[发明专利]一种基于深度学习技术的恶意程序智能检测方法

说明书

本发明涉及一种基于深度学习技术的恶意程序智能检测方法，将二进制可执行文件得到的具有全局信息的纹理特征和反汇编得到的汇编文件的具有行为信息特征和局部特征的汇编文件特征结合作为最终特征训练后续的分类器，能够进一步提高恶意软件检测的准确率。

技术领域

本发明涉及数据安全技术领域，具体涉及一种基于深度学习技术的恶意程序智能检测方法。

背景技术

近年来，随着互联网新应用、技术的成熟，人民群众日常工作生活对互联网的依赖程度越来高。由中国互联网络信息心(CNNIC)发布的第39次《中国互联网络发展状况统计报告》的2016年的数据可以得出：截至2016年12月，中国网民规模已经相当于欧洲人口总量，达到了7.31亿，互联网普及率达到53.2％，超过亚洲平均水平，超过亚洲平均水平3.1个百分点。域名总数为4228万个，而且增长速度非常快，年增长36.3％。但是，与此同时，计算机系统和互联网的安全问题也是层出不穷，据统计，2016年遭遇过网络安全事件的用户占比达到整体网民70.5％，在这些攻击当中，网上诈骗和设备中病毒或木马这两类情况最为普遍，各占了39.1％和36.2％的比例，这些信息安全问题给个人生活带来了许多不便，也给公司，乃至国家造成了巨大的经济损失。

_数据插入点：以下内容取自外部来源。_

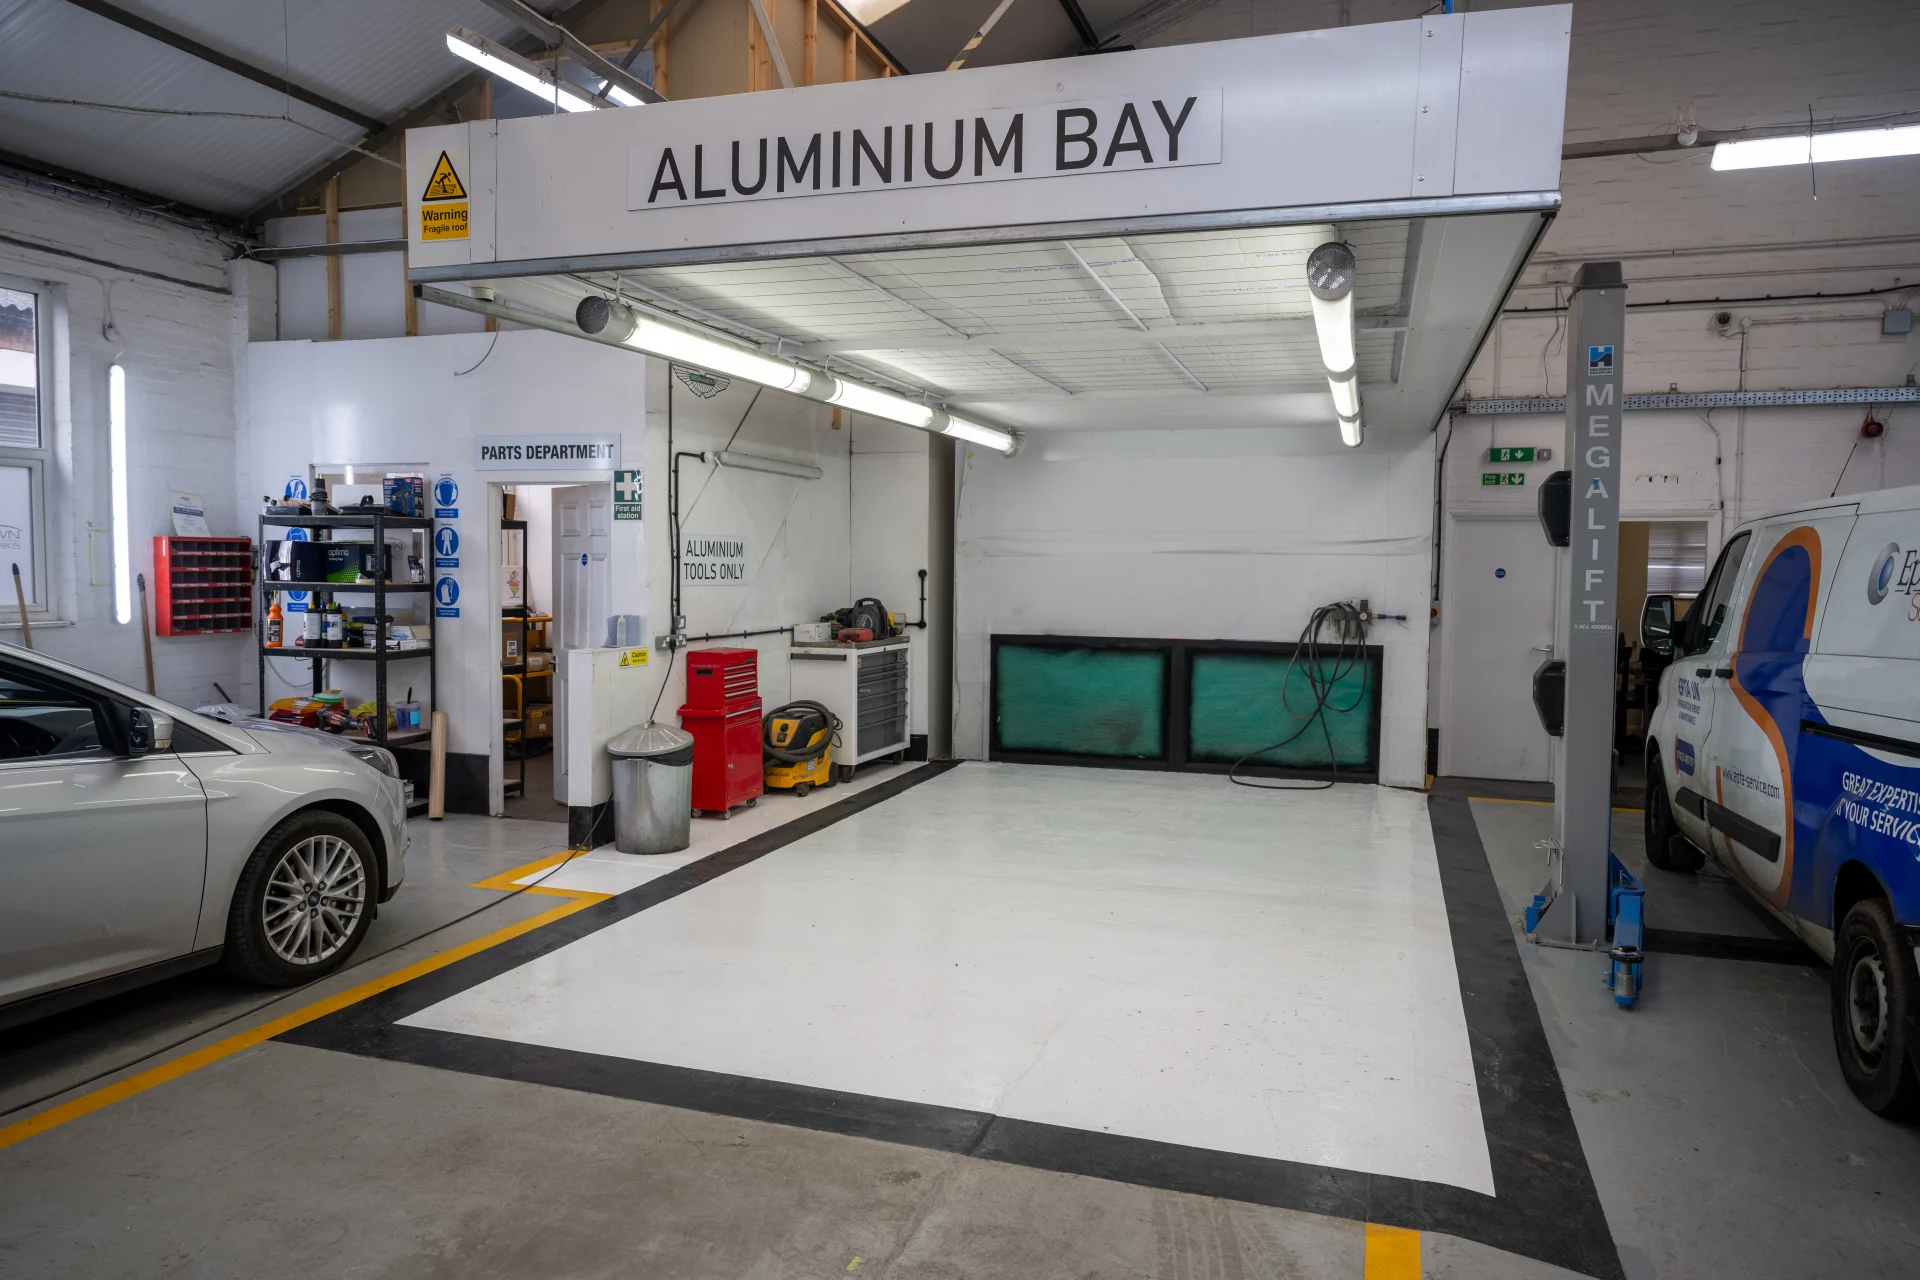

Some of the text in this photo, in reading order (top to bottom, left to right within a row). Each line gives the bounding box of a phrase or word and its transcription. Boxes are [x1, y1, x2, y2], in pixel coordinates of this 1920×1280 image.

[649, 97, 1197, 203] ALUMINIUM BAY
[422, 209, 468, 222] Warning
[424, 222, 468, 234] Fragile roof
[481, 444, 614, 460] PARTS DEPARTMENT
[631, 504, 641, 512] aid
[1583, 383, 1614, 622] MEGALIFT
[328, 548, 349, 558] optima
[686, 540, 743, 557] ALUMINIUM
[684, 563, 744, 580] TOOLS ONLY
[1722, 768, 1780, 800] www.epta-service.com
[1842, 771, 1873, 798] GREAT
[1844, 799, 1870, 828] YOUR
[1869, 810, 1920, 848] SERVIC

恶意软件自动生成工具的广泛使用使得大量新的恶意软件变体迅速出现。《2018年中国互联网安全报告》显示,360互联网安全中心累计截获PC端新增恶意程序样本2.7亿个,平均每天截获PC端新增恶意程序样本75.2万个。大量新的恶意软件变种对恶意软件分析师来说是一个巨大的挑战。尽管网络安全机制有了显著的改进,并且不断进化,但恶意软件仍然是网络空间中最具威胁的攻击手段之一。有效的恶意软件分类方法有助于提升恶意软件检测效率、提升发现新型恶意软件家族的能力。因而，恶意软件的检测已经成为全社会关注的网络安全焦点。

恶意软件的发展史可以追溯到1981年，在APPLE-II的计算机游戏中发现了Elkcloner，这是世界上已知的第一个计算机病毒，病毒是恶意软件早期的主要表现形式。按照不同的恶意软件分析工具技术模块，恶意软件检测方法一般分为静态检测方法和动态检测方法。

在静态检测方法领域，现在绝大多数安全公司仍然在很大程度上依赖于特征码扫描检测法，该方法是使用静态方法提取恶意软件特征以此对恶意软件进行检测和分类。这种方法对已知恶意软件的检测准确率比较高，但是对混淆技术或者新出现的恶意软件效果不是很理想。用静态方法检测的恶意软件特征主要分为操作码、n-gram的字节序列以及PE头文件等。恶意软件的编写者为了隐藏他们的真实意图会使用恶意软件加壳、代码混淆等技术来增加检测难度，但是现在也有相应的查壳脱壳技术来应对。J.ZicoKolter等人使用不同的分类技术并将字节码作为恶意软体的特征来检测和分类未知样本，通过从训练样本集中提取出N-gram的字节码作为恶意软件的特征，然后选出其中最为相关的一些字节码，从而达到降低特征维度的目的。Kong等人采用结构化信息来分类恶意软件实例，他们提出一种对恶意软件自动化分类和检测的方法，从恶意软件中将由函数调用的序列提取出来并构成图像，然后通过恶意软件之间的距离来判断未知样本是否是恶意软件。Cesare等采用控制流图来表示两个恶意软件样本之间的相似性以此来检测恶意软件，通过由字符串组成的可以转换为对应向量的控制流图的集合体现恶意软件特征，这种方法是通过计算恶意软件样本之间的距离来度量它们之间的差异性，或者说恶意软件之间的相似性，从而达到对恶意软件进行检测的目的，但是该方法通过恶意软件涵盖的控制流图集合来对恶意软件特征进行描述，计算复杂度比较高。在国内，黄全伟等人对恶意程序进行静态反汇编，然后对反汇编后的恶意文件中所有系统调用序列进行遍历，然后通过使用n-gram模型提取和选择特征，最后采用支持向量机和决策树等方法检测恶意软件。